PROBLEM TO WORK ON → Write out the lines below once more, exactly as they appear. Do not include pictures.

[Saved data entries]
● ● ●
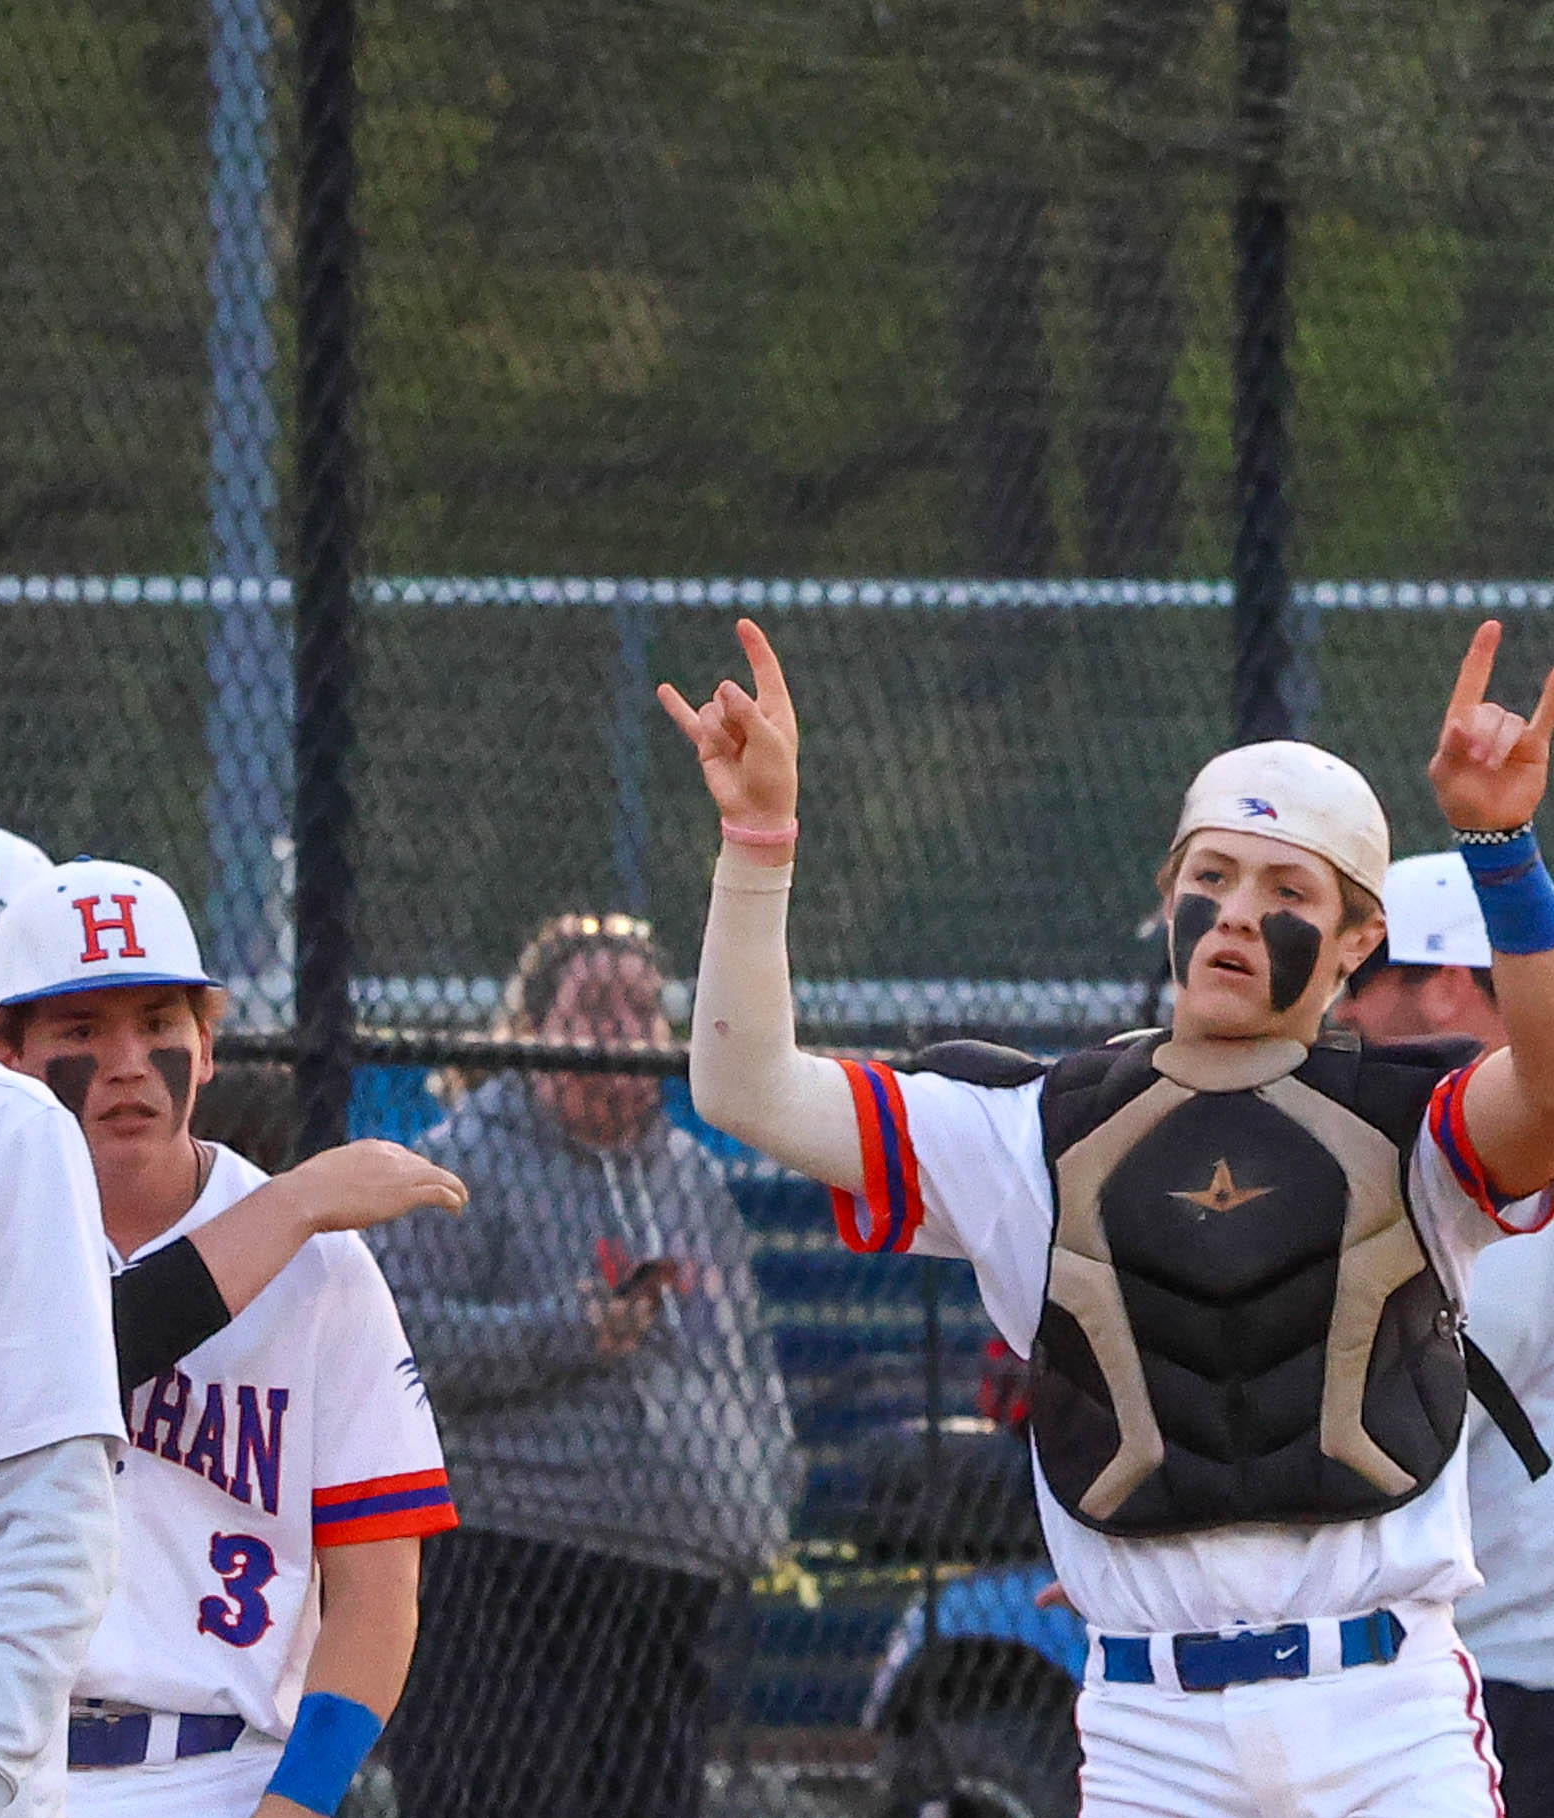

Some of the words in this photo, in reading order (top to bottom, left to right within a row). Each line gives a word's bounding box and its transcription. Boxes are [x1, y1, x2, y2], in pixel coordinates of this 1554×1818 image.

[71, 893, 147, 963] H
[128, 1374, 290, 1517] HAN
[198, 1532, 278, 1648] 3
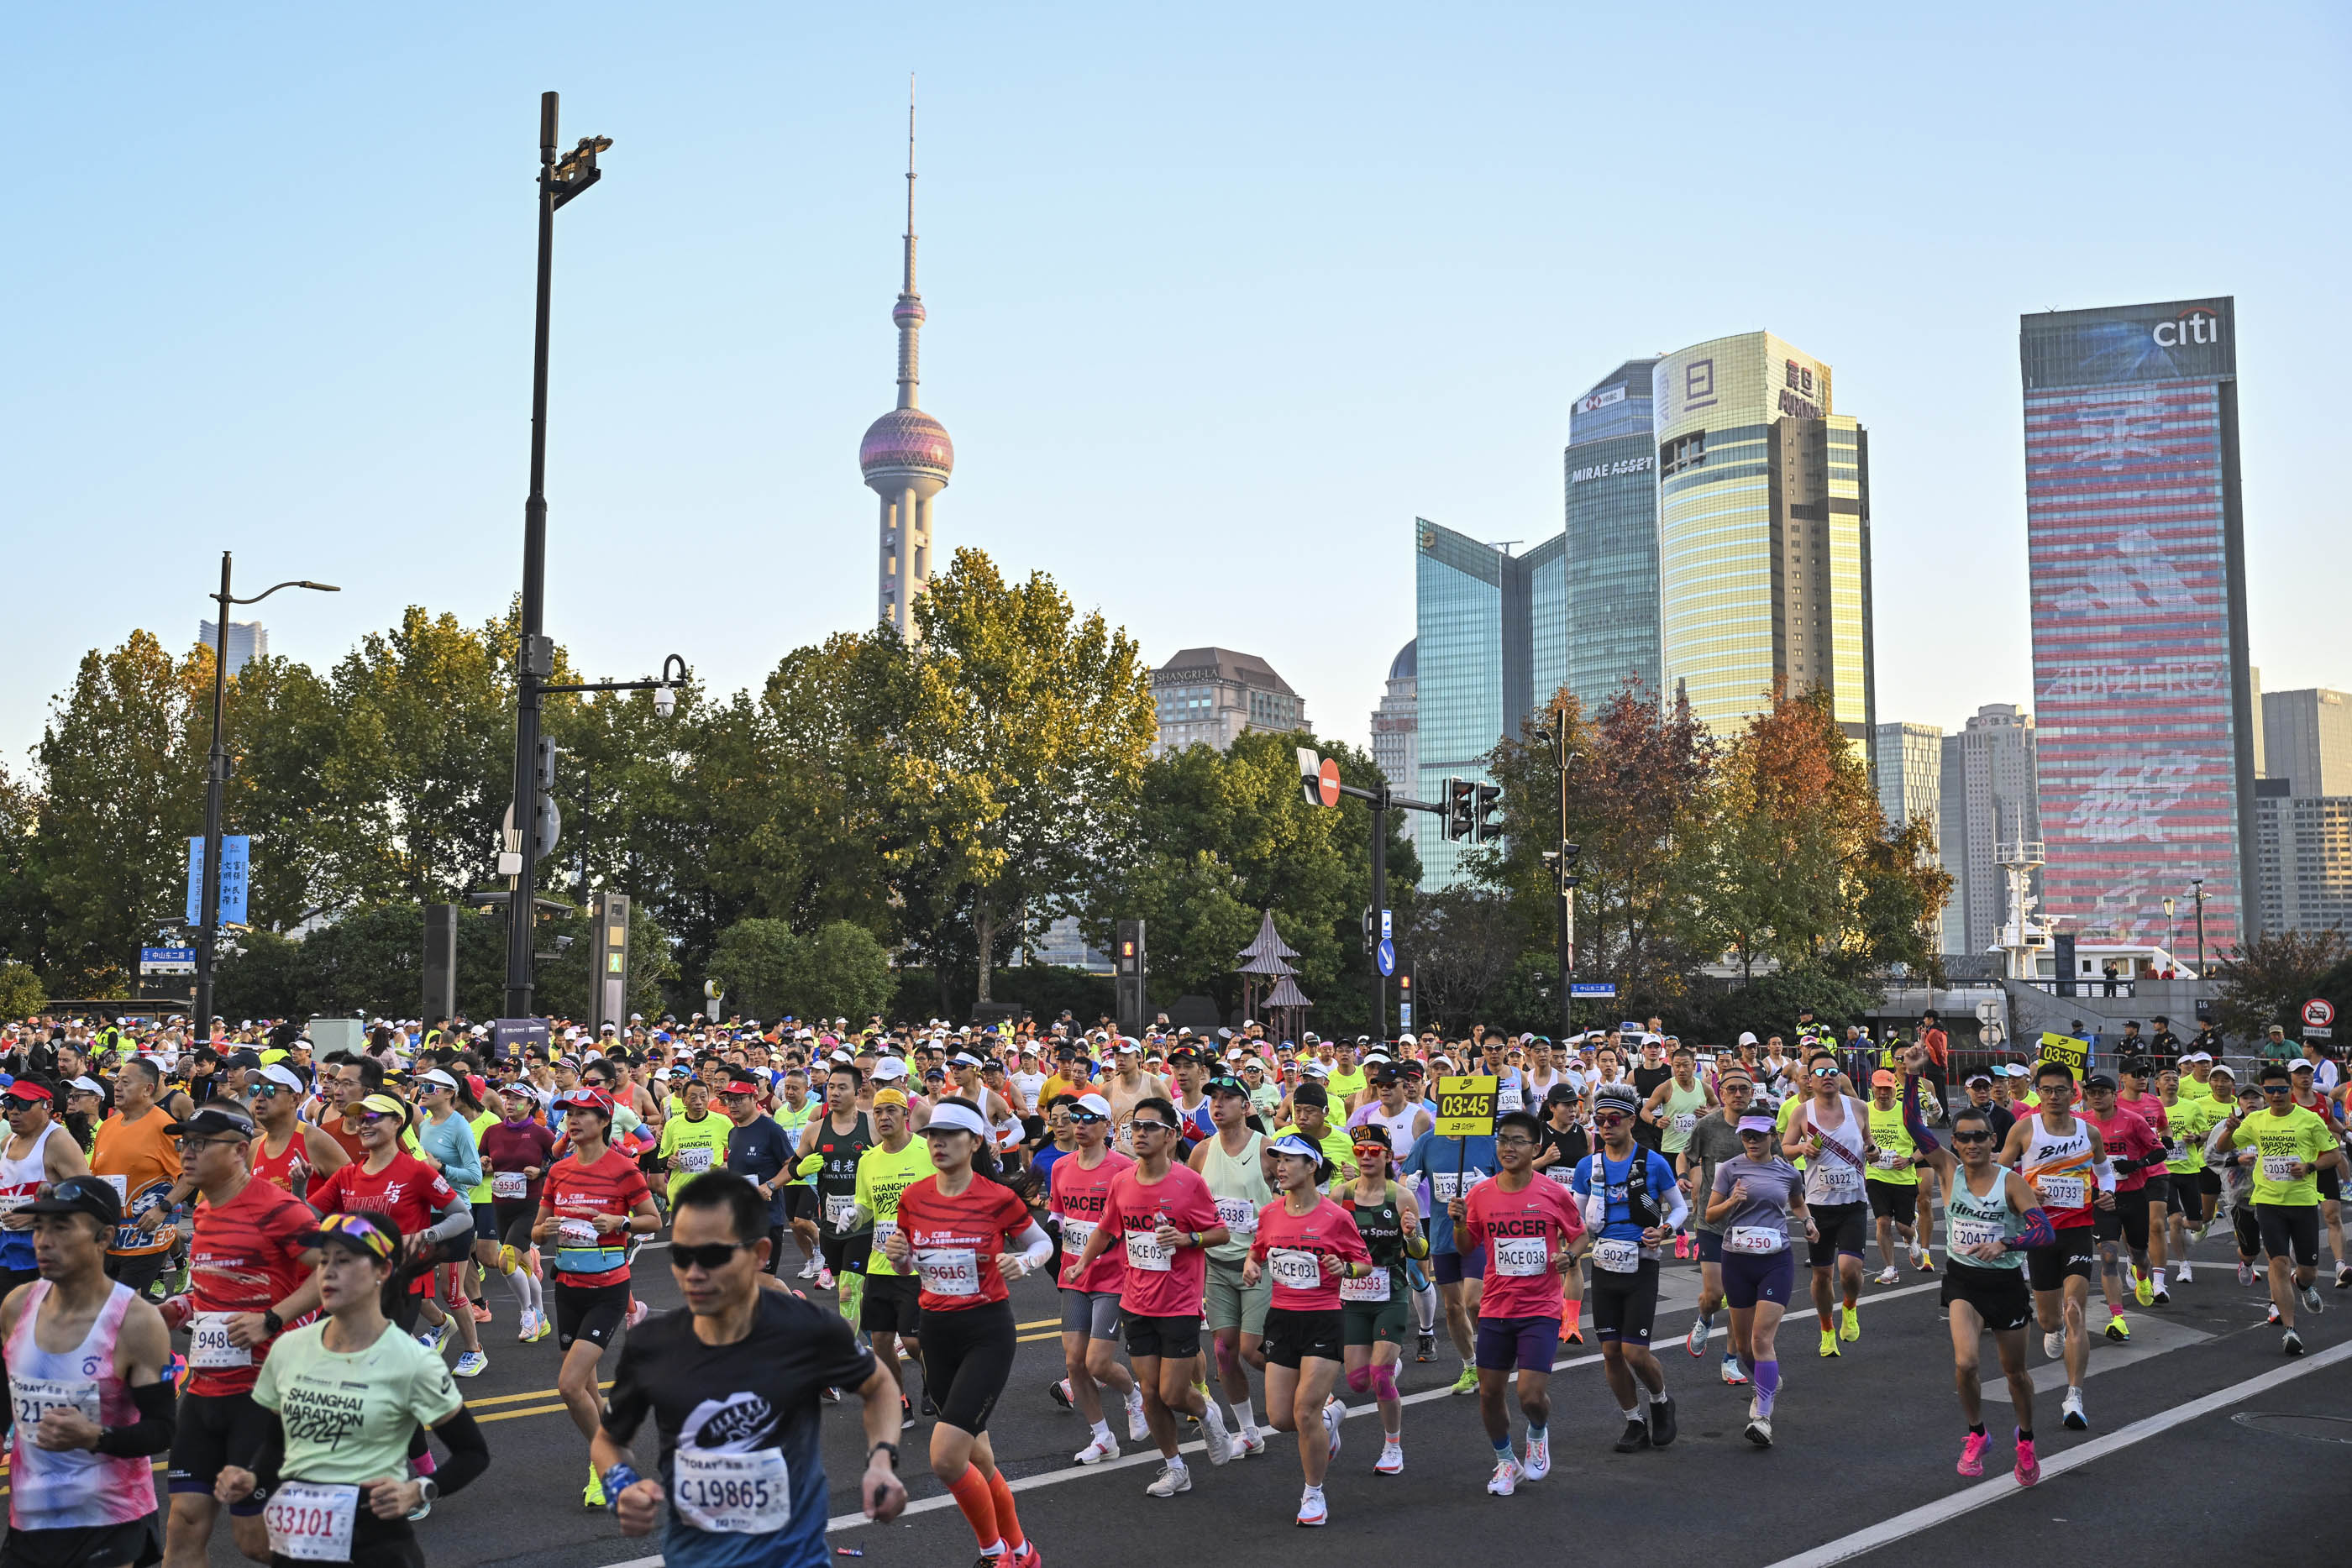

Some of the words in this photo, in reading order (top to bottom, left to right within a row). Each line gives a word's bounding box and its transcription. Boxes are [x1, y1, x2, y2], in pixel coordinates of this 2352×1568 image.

[2153, 312, 2218, 347] citi
[1603, 391, 1618, 403] HSBC
[1572, 463, 1609, 484] MIRAE
[1611, 456, 1654, 475] ASSET
[152, 952, 185, 960] 中山东二路
[2044, 1046, 2081, 1067] 03:30
[1442, 1095, 1489, 1116] 03:45
[678, 1141, 712, 1149] SHANGHAI
[2264, 1164, 2291, 1173] C2032
[499, 1181, 521, 1190] 9530
[1370, 1228, 1398, 1237] Speed
[1487, 1220, 1546, 1236] PACER
[1063, 1230, 1081, 1245] PACE
[1746, 1237, 1771, 1248] 250
[1128, 1243, 1148, 1259] PACE
[1498, 1251, 1525, 1265] PACE
[1526, 1251, 1545, 1265] 038
[1604, 1249, 1630, 1261] 9027
[929, 1265, 967, 1280] 9616
[1272, 1260, 1296, 1277] PACE
[1298, 1264, 1318, 1278] 031
[287, 1387, 364, 1412] SHANGHAI
[283, 1402, 364, 1427] MARATHON
[286, 1416, 353, 1451] 2024
[680, 1479, 769, 1508] C19865
[266, 1504, 333, 1537] C33101
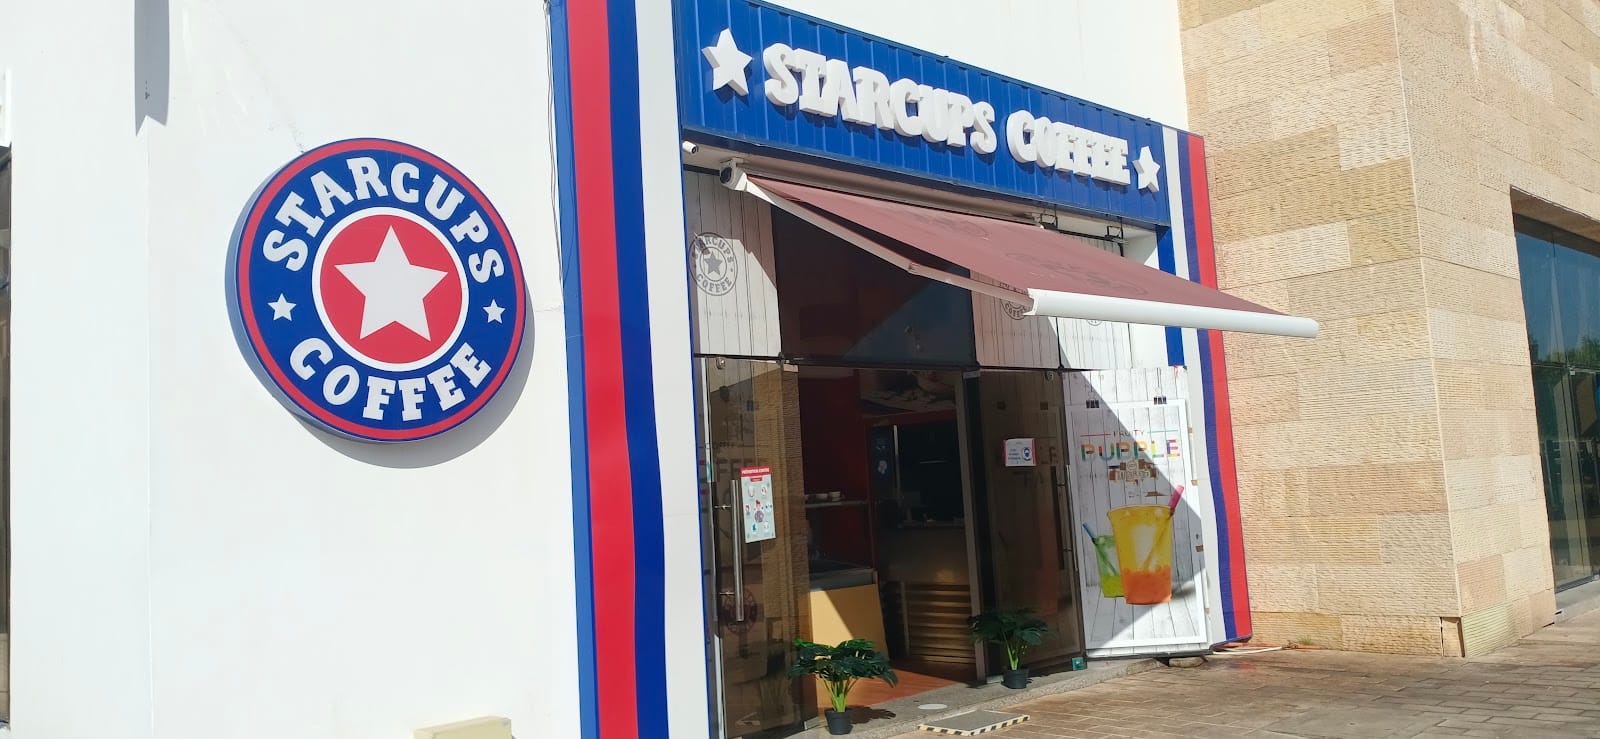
● ● ●
ANSWER FOR THIS EXERCISE →
Some of the words in this photo, in reading order (top to bottom, left to right within a row). Each line gives a word's bounding box and its transcription. Boxes are [x1, y1, x2, y2], in pixel coordinates of this 1554×1818 image.

[71, 893, 147, 963] H
[128, 1374, 290, 1517] HAN
[198, 1532, 278, 1648] 3

Some of the words in this photo, in reading order (top to bottom, left to right within a row). Each line gives a word's bounding box and its transcription. Boxes are [x1, y1, x2, y2], in pixel coordinates of this 2352×1568 image.

[2153, 312, 2218, 347] citi
[1603, 391, 1618, 403] HSBC
[1572, 463, 1609, 484] MIRAE
[1611, 456, 1654, 475] ASSET
[152, 952, 185, 960] 中山东二路
[2044, 1046, 2081, 1067] 03:30
[1442, 1095, 1489, 1116] 03:45
[678, 1141, 712, 1149] SHANGHAI
[2264, 1164, 2291, 1173] C2032
[499, 1181, 521, 1190] 9530
[1370, 1228, 1398, 1237] Speed
[1487, 1220, 1546, 1236] PACER
[1063, 1230, 1081, 1245] PACE
[1746, 1237, 1771, 1248] 250
[1128, 1243, 1148, 1259] PACE
[1498, 1251, 1525, 1265] PACE
[1526, 1251, 1545, 1265] 038
[1604, 1249, 1630, 1261] 9027
[929, 1265, 967, 1280] 9616
[1272, 1260, 1296, 1277] PACE
[1298, 1264, 1318, 1278] 031
[287, 1387, 364, 1412] SHANGHAI
[283, 1402, 364, 1427] MARATHON
[286, 1416, 353, 1451] 2024
[680, 1479, 769, 1508] C19865
[266, 1504, 333, 1537] C33101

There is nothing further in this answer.